2006-07-25 16:25:43 · 47 answers · asked by Anonymous in Society & Culture Cultures & Groups Lesbian, Gay, Bisexual, and Transgender

47 answers

Have you ever done it before? Let him know that something is bothering you, you can work through it together. There's nothing worse for a relationship than not being open about things. I'm not trying to sound like I'm talking down to you, because I actually understand. Just talk to him about it.

2006-07-25 16:29:25 · answer #1 · answered by Mama23Girls 6 · 12 2

By sex I presume you mean anal -- I assume you are already having frontage and oral and so forth.

You are scared that it will hurt, or that it will be dirty, or that your fecal mercenaries will attack the friendly invader.

So first, tell him that. Ask him to hold you and be close to you and tell him.

Then, work toward being able to have sex. He should be rimming you regularly (show him this) and being very gentle and telling you how much he loves you. The two of you should get a SMALL dildo (the big things are stupid) and use lotion and use it as a toy until you are comfortable with it in there while he s**ks your d**k. Ask him if he will love you no matter what. Once you are sure he does, some of the fear will go away. Use an enema prior to sex if you worry exorbinately about that (though I got to tell you -- almost 15 years with my lover, none of that).

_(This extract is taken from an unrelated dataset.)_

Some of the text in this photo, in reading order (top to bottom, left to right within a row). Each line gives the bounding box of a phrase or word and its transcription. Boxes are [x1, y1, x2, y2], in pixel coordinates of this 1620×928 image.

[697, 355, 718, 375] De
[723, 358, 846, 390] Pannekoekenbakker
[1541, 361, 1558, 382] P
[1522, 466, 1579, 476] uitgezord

One day sooner than you think ,you will realize you actually want him to do it.

And then, like magic, it will happen.

*hug*

Good luck,

Reyn
believeinyou24@yahoo.com

2006-07-25 16:33:15 · answer #2 · answered by Anonymous · 0 0

Liam

If your boyfriend is worth his salt, then there is no way he's going to suggest something to scare you. I'm afraid you do need to tell him what it is that scares you. He needs to understand what it is that is troubling you. Then you should both identify how far you are prepared to go in your lovemaking.

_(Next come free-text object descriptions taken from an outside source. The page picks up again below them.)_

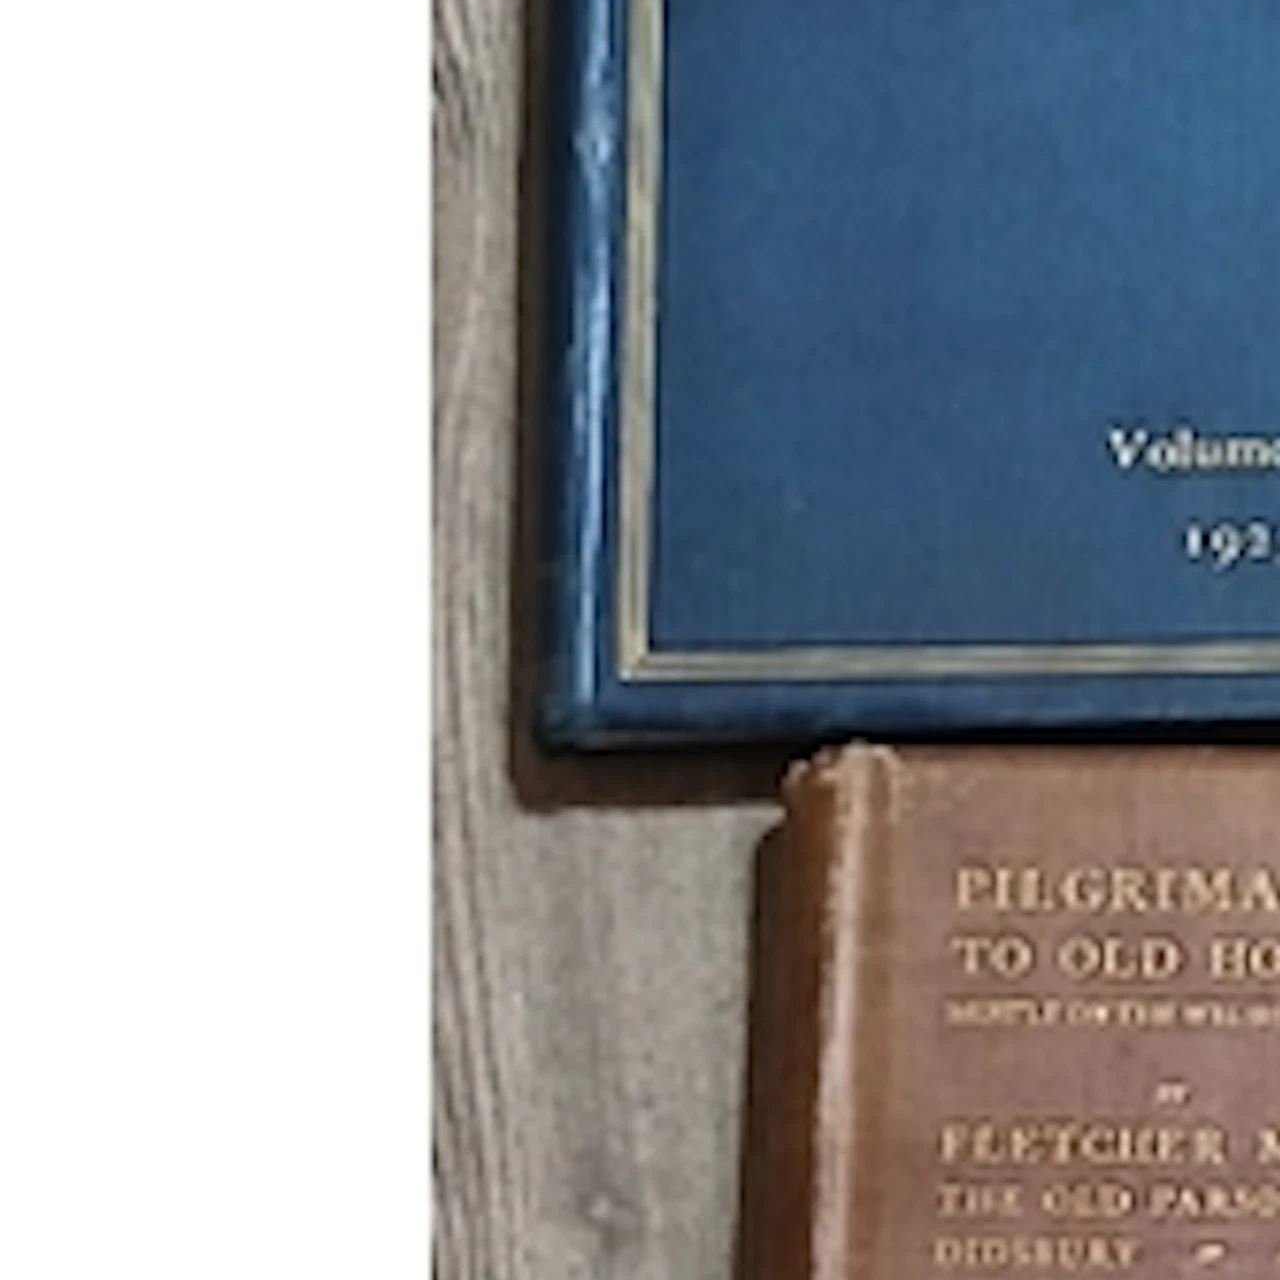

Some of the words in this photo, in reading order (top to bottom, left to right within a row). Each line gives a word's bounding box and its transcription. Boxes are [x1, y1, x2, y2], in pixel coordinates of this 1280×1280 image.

[951, 936, 1034, 980] TO
[1059, 937, 1185, 980] OLD
[939, 1126, 1227, 1165] FLETCHER
[937, 1186, 1025, 1216] THE
[1042, 1186, 1136, 1217] OLD
[933, 1237, 1139, 1270] DIDSBURY

You strike me as a young man with all his days ahead of him. You and your boyfriend have plenty of time to discover each other and the ways ahead. Then, one day, you may want to go that extra step.

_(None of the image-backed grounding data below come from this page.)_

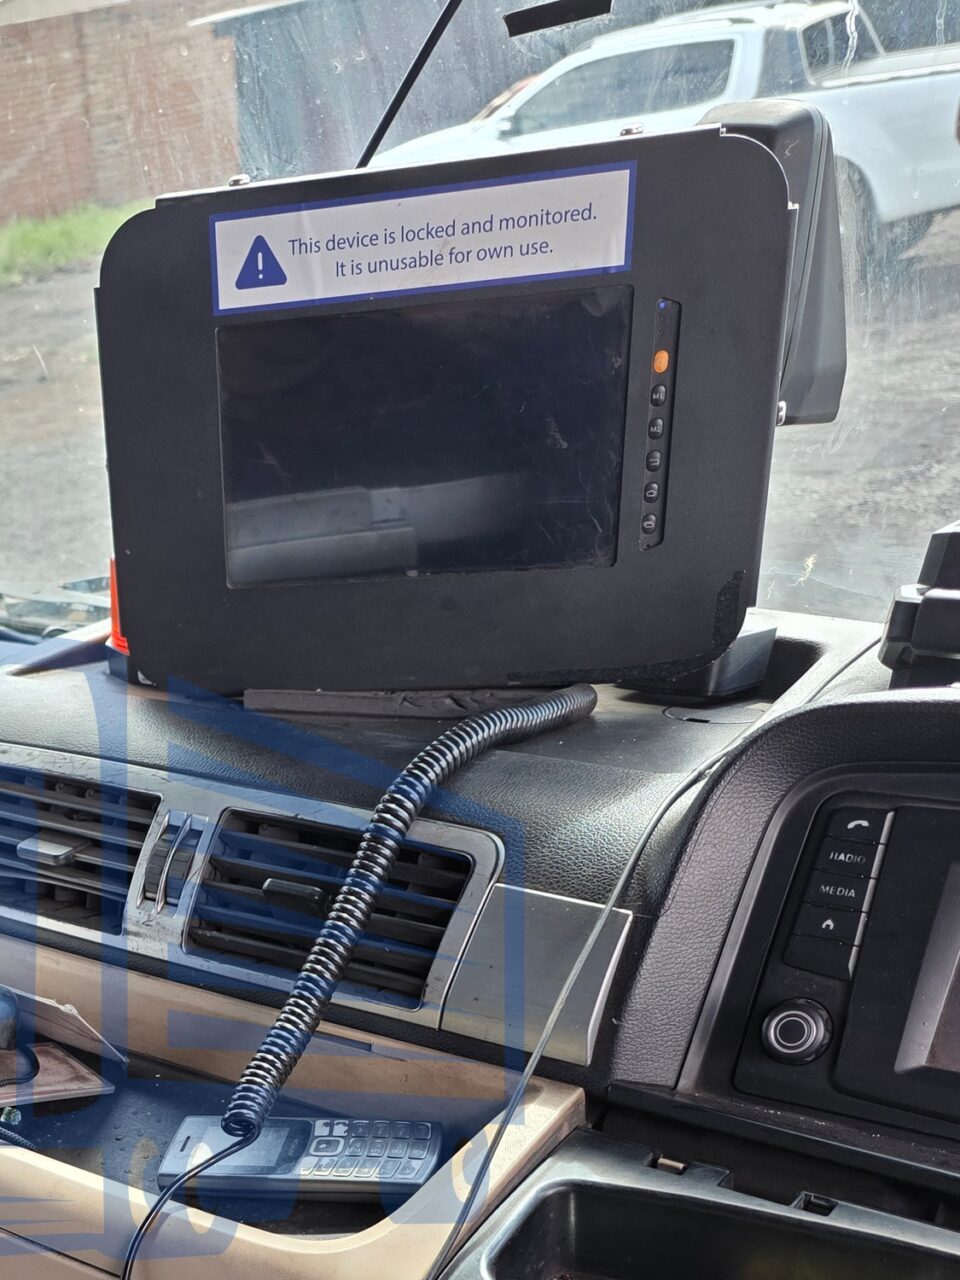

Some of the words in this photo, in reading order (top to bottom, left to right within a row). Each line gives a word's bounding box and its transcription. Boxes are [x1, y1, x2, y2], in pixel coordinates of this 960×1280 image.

[288, 236, 321, 256] This
[325, 230, 379, 252] device
[383, 227, 396, 246] is
[400, 218, 456, 244] locked
[461, 214, 495, 237] and
[499, 202, 597, 233] monitored.
[335, 259, 346, 278] It
[350, 257, 363, 276] is
[367, 248, 444, 275] unusable
[448, 245, 473, 265] for
[476, 244, 514, 261] own
[518, 239, 554, 257] use.
[829, 851, 866, 864] RADIO
[819, 884, 856, 898] MEDIA

And it will be so much more fulfilling when you do want to have sex with him.

2006-07-25 19:58:53 · answer #3 · answered by unclefrunk 7 · 0 0

Isolate what it is that you are scared of - - is it the boyfriend or the prevalent argument that sex is wrong evil sin-full the fear that if sex happened you will be tainted for all eternity. And it could be a very real 'radar' in your mind - - maybe there is something wrong that you or others might not see or perceive yet it is there. There are times when you must listen to your inner voices. Choices such as these are fraught with danger. Especially in these Christian/Muslim/Jewish/Etc era wherein all forms of non-procreative sex are deemed deadly. Peace.

2006-07-25 22:31:52 · answer #4 · answered by JVHawai'i 7 · 0 0

You should be scared. It will probably hurt a lot...
Umm... Ok, let me think like a gay-con-artist...

Tell him you were raped when you were little by some stranger and you'll need some time to get over the hurt.

If he's insensitive about it, dump him and find a less horny bf. Maybe someone on your level.
If he's sensitive about it, then congratulations, you have found a sucker and can permanently pathologically lie to him to convince him to do what you want.

...or you could just suck it up and do it.

2006-07-25 16:30:24 · answer #5 · answered by neksute 2 · 0 0

If you are scared then don't. Tell him how you feel and if he understands, then great. If he doesn't, then to heck with him. Also, if you are scared to tell him, then he may not be right for you. I feel if you can't tell him, then he more than likely is not the one for you. If you want, e-mail me. I won't really discuss bedroom talk on an open board as it is not the place. Take care.

2006-07-25 16:53:16 · answer #6 · answered by yokaimayhem 2 · 0 0

You should feel comfortable enough to be 100% honest and have him respect you. Otherwise, he may not be the right guy for you at this time. Sex should come from a place of love, or at least trust, so be good to yourself and make sure all the ingredients feel right to you before you have sex. It is wonderful when with the right person. Good luck to ya, buddy. Peace!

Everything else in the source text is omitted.